In addition, while it is possible to make the dock connector power only, it's
only possible as of iOS 5 (with WiFi syncing). Also, that dramatically
increases the cost of repair: a single corrupted file can't just be fixed in a
quick bootloader-level restore, it requires reprogramming the entire device at
the factory (let alone the difficulty of simply transferring a large music
library from a computer without USB).

It's definitely not "simple" for Apple to make jailbreaking more difficult
than they have. iOS 4.3+ include all of the security measures you'd expect in
a modern OS: W^X, ASLR, codesigning, etc. And still it was possible to evade
those and exploit the browser+kernel in a foolproof, web jailbreak.
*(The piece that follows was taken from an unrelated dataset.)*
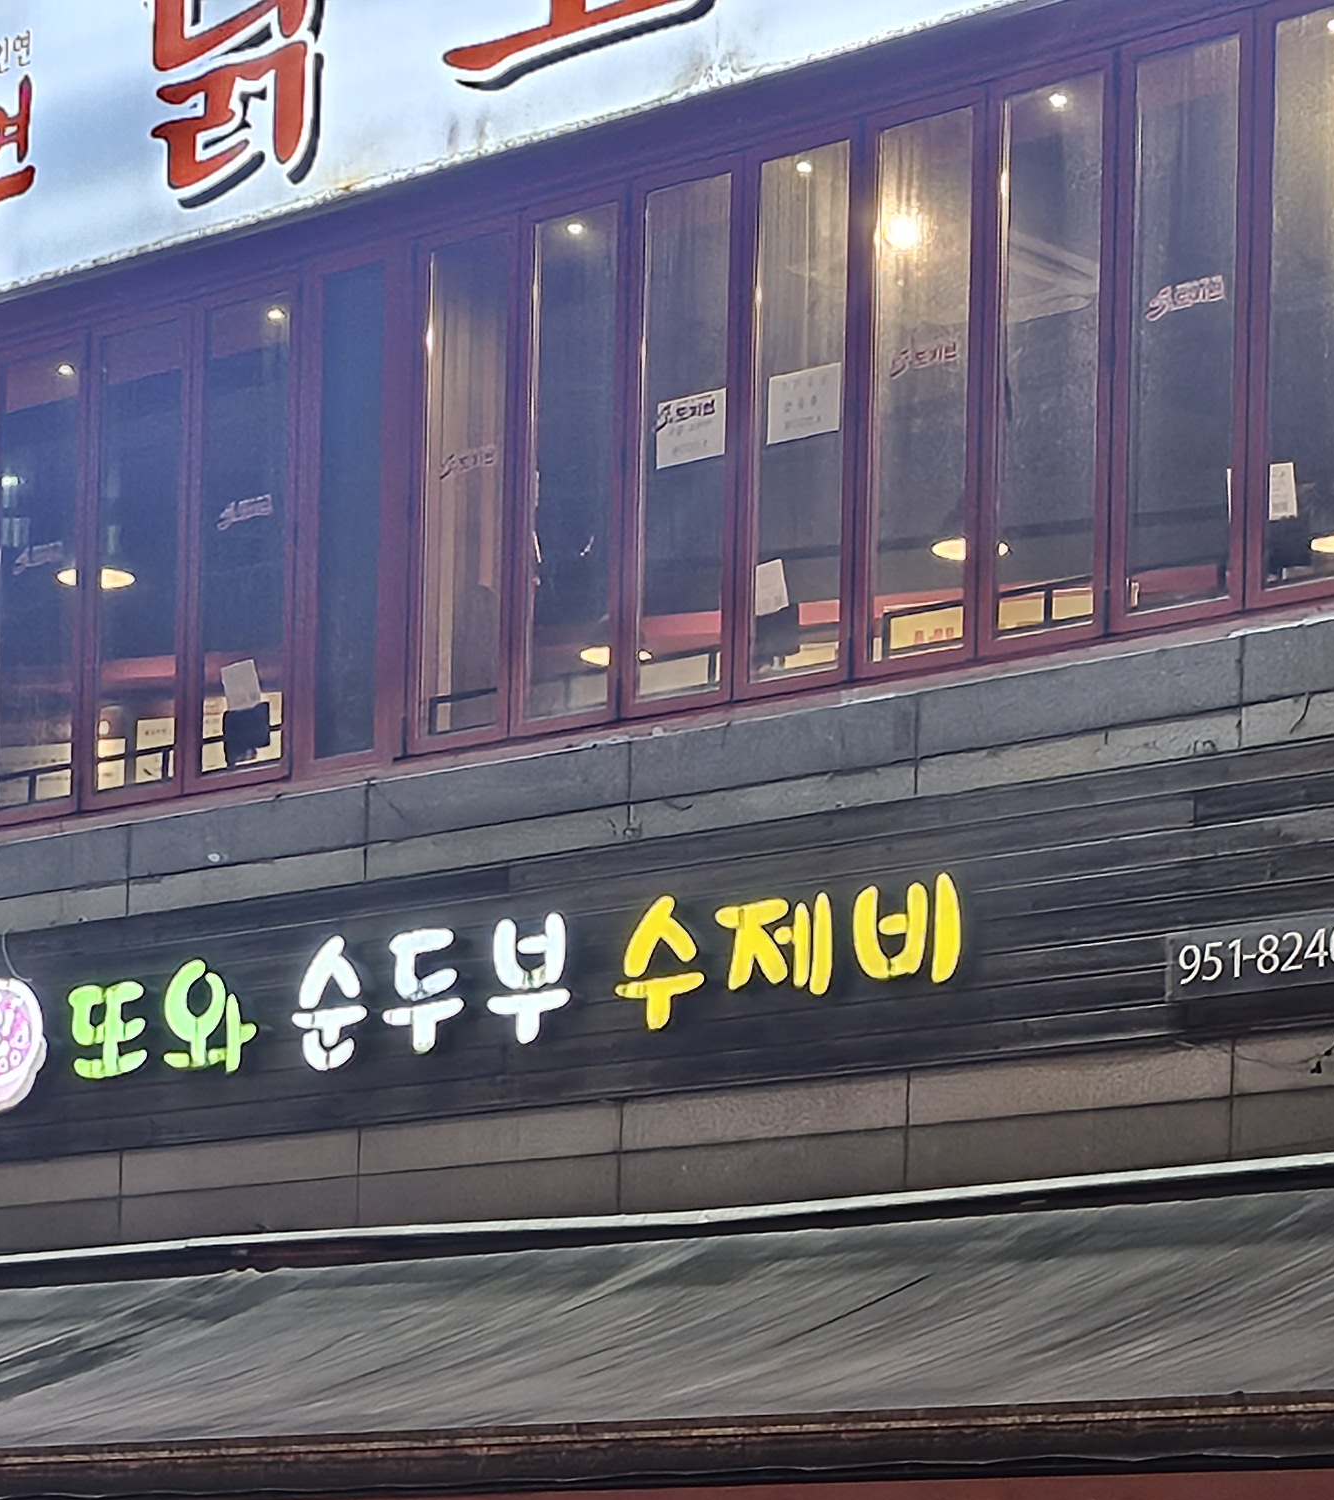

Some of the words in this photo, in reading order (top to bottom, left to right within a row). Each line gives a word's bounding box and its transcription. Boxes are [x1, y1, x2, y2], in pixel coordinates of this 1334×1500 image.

(I designed the website for <http://jailbreakme.com/>, and while comex did put
a crazy amount of work into that project, it is certainly possible that
someone could repeat it.)

------
giberson
I remember reading an article about the Half life 2 leak--I remember a bit
about where the person responsible reached out to Gabe newell, and playing it
cool Gabe offered him a job.

 _Newell kept corresponding with Gembe, and Gembe was led into believing that
Valve wanted to employ him as an in-house security auditor. He was to be
offered a flight to the USA and was to be arrested on arrival by the FBI._
\--wikipedia excerpt

Luckily for Axel his government intervened before he could make the mistake of
actually going to the USA where it's likely events would have turned out much
worse for him.

The point, anyway, is this sounds very terribly similar. Comex may already be
in the US, regardless I wouldn't be so quick to accept a "job" offer from a
company I've been irking for a couple years. Hopefully the offer is on the up
and up, for Comex's sake.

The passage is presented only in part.